## Raw data
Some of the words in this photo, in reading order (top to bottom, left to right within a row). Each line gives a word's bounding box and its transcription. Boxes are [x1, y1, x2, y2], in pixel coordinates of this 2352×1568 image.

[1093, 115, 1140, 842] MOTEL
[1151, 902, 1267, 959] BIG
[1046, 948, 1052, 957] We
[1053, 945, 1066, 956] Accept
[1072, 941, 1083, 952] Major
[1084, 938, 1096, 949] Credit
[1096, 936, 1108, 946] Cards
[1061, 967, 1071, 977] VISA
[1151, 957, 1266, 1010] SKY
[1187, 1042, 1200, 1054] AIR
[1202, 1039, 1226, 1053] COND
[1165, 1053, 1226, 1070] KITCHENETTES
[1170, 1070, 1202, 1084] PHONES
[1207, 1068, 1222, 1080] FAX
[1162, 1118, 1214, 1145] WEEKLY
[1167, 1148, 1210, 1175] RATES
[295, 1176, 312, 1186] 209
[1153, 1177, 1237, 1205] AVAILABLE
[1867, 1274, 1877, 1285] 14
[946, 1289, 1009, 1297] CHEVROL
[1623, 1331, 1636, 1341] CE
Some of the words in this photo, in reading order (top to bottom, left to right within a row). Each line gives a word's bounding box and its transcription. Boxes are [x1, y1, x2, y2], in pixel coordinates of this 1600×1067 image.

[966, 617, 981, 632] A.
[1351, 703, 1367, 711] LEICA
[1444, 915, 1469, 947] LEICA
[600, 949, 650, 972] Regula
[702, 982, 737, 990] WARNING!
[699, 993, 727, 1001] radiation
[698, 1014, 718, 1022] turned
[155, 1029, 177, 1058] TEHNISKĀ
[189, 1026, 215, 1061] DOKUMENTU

## Activity
The records above must be set down again exactly as written.

## Output for this exercise
Some of the words in this photo, in reading order (top to bottom, left to right within a row). Each line gives a word's bounding box and its transcription. Boxes are [x1, y1, x2, y2], in pixel coordinates of this 2352×1568 image.

[1093, 115, 1140, 842] MOTEL
[1151, 902, 1267, 959] BIG
[1046, 948, 1052, 957] We
[1053, 945, 1066, 956] Accept
[1072, 941, 1083, 952] Major
[1084, 938, 1096, 949] Credit
[1096, 936, 1108, 946] Cards
[1061, 967, 1071, 977] VISA
[1151, 957, 1266, 1010] SKY
[1187, 1042, 1200, 1054] AIR
[1202, 1039, 1226, 1053] COND
[1165, 1053, 1226, 1070] KITCHENETTES
[1170, 1070, 1202, 1084] PHONES
[1207, 1068, 1222, 1080] FAX
[1162, 1118, 1214, 1145] WEEKLY
[1167, 1148, 1210, 1175] RATES
[295, 1176, 312, 1186] 209
[1153, 1177, 1237, 1205] AVAILABLE
[1867, 1274, 1877, 1285] 14
[946, 1289, 1009, 1297] CHEVROL
[1623, 1331, 1636, 1341] CE
Some of the words in this photo, in reading order (top to bottom, left to right within a row). Each line gives a word's bounding box and its transcription. Boxes are [x1, y1, x2, y2], in pixel coordinates of this 1600×1067 image.

[966, 617, 981, 632] A.
[1351, 703, 1367, 711] LEICA
[1444, 915, 1469, 947] LEICA
[600, 949, 650, 972] Regula
[702, 982, 737, 990] WARNING!
[699, 993, 727, 1001] radiation
[698, 1014, 718, 1022] turned
[155, 1029, 177, 1058] TEHNISKĀ
[189, 1026, 215, 1061] DOKUMENTU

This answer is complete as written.